» **DIRECTIONS**
The whole listing below needs to be duplicated exactly, pictures aside.

Segment Start: GIVEN RECORDS

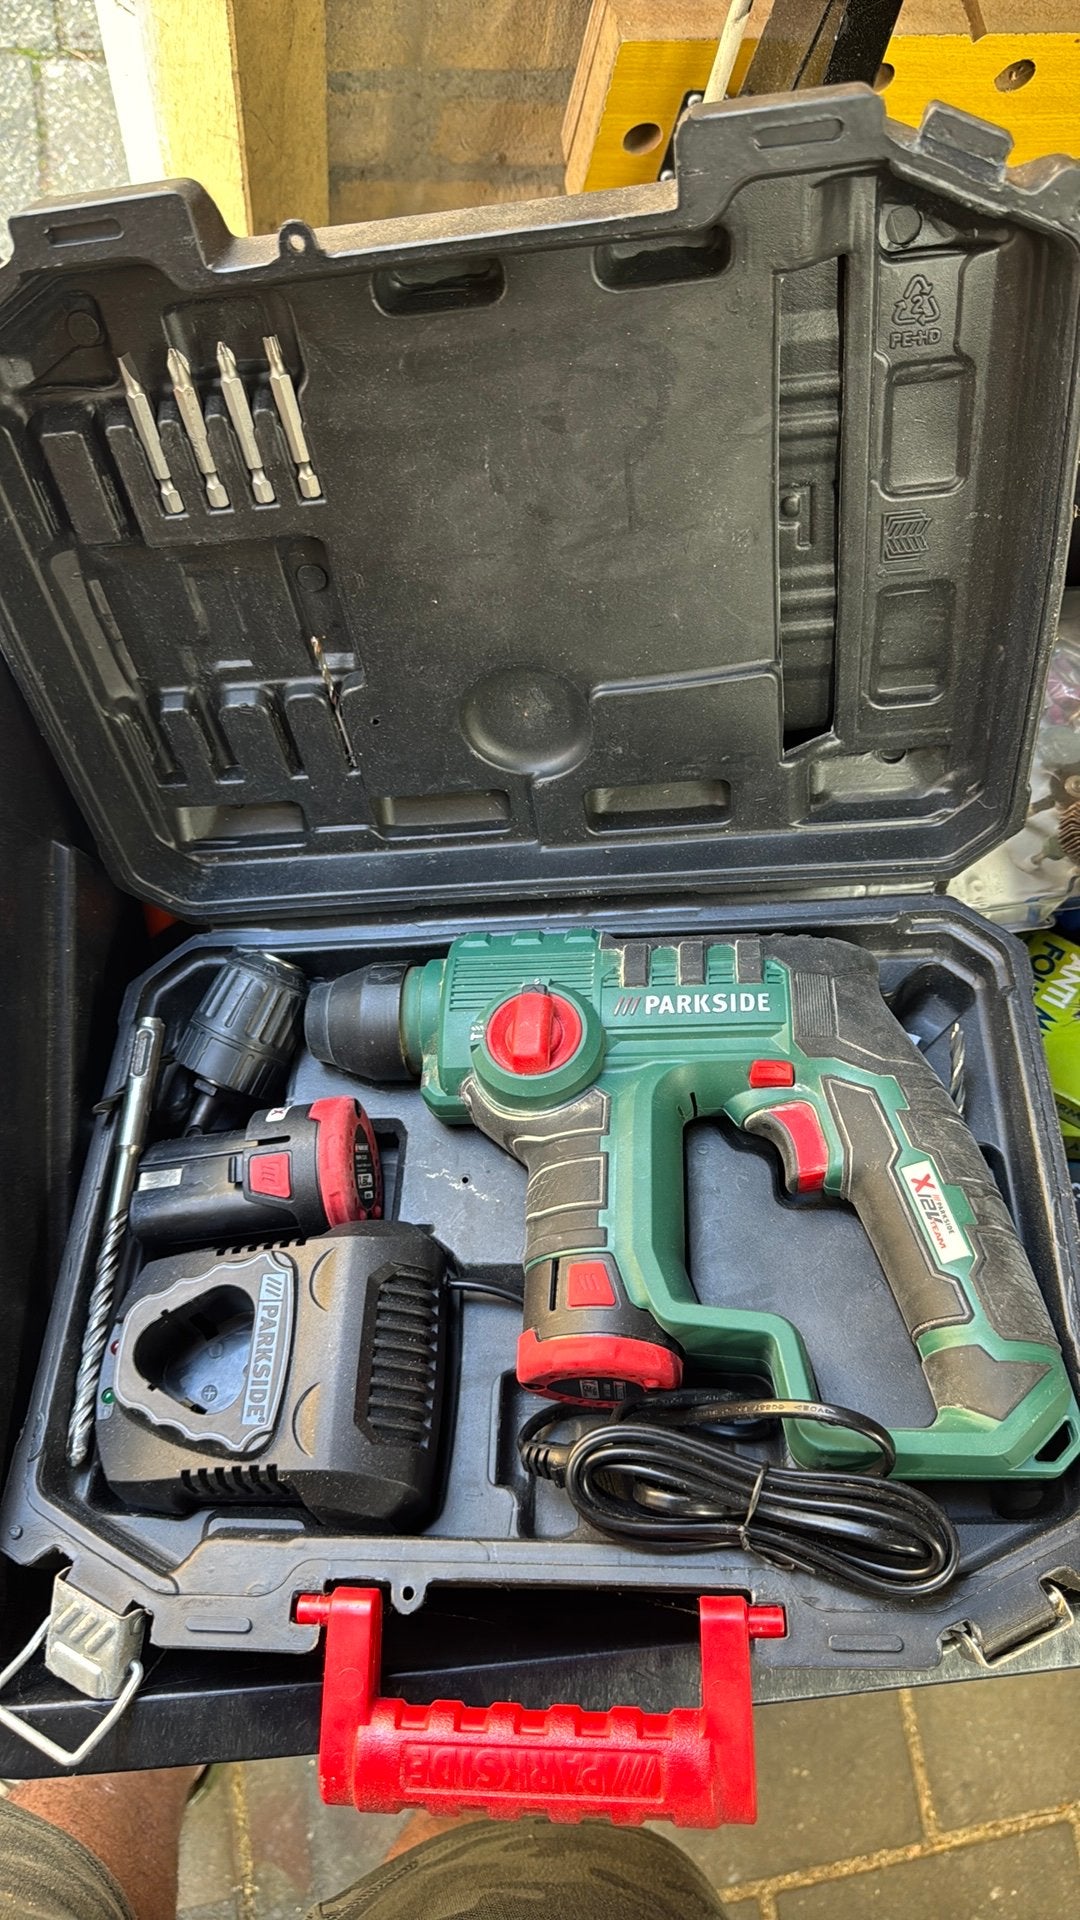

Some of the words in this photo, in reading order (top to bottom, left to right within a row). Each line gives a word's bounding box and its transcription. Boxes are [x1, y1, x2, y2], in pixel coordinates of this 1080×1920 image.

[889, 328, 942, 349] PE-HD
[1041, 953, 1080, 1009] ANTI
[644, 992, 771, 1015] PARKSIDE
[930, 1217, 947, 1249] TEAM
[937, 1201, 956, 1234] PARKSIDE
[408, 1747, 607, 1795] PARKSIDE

Segment End: GIVEN RECORDS

» **RESULT OF THE TASK**
Some of the words in this photo, in reading order (top to bottom, left to right within a row). Each line gives a word's bounding box and its transcription. Boxes are [x1, y1, x2, y2], in pixel coordinates of this 1080×1920 image.

[889, 328, 942, 349] PE-HD
[1041, 953, 1080, 1009] ANTI
[644, 992, 771, 1015] PARKSIDE
[930, 1217, 947, 1249] TEAM
[937, 1201, 956, 1234] PARKSIDE
[408, 1747, 607, 1795] PARKSIDE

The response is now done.